TASK DATA Start Marker

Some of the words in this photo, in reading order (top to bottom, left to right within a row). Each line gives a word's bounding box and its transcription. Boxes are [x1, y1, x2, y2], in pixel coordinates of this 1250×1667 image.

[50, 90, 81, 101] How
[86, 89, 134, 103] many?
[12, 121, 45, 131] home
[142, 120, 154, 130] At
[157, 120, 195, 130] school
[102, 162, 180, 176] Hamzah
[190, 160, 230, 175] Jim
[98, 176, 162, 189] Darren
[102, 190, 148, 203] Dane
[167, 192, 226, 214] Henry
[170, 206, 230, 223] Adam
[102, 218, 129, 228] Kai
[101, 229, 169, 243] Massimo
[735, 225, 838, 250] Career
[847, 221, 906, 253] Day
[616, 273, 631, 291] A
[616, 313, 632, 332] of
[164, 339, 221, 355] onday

TASK DATA End Marker

:: WHAT NEEDS TO BE DONE ::
Set down all of the entries again, keeping every line exactly as it is.

:: OUTPUT BELOW ::
Some of the words in this photo, in reading order (top to bottom, left to right within a row). Each line gives a word's bounding box and its transcription. Boxes are [x1, y1, x2, y2], in pixel coordinates of this 1250×1667 image.

[50, 90, 81, 101] How
[86, 89, 134, 103] many?
[12, 121, 45, 131] home
[142, 120, 154, 130] At
[157, 120, 195, 130] school
[102, 162, 180, 176] Hamzah
[190, 160, 230, 175] Jim
[98, 176, 162, 189] Darren
[102, 190, 148, 203] Dane
[167, 192, 226, 214] Henry
[170, 206, 230, 223] Adam
[102, 218, 129, 228] Kai
[101, 229, 169, 243] Massimo
[735, 225, 838, 250] Career
[847, 221, 906, 253] Day
[616, 273, 631, 291] A
[616, 313, 632, 332] of
[164, 339, 221, 355] onday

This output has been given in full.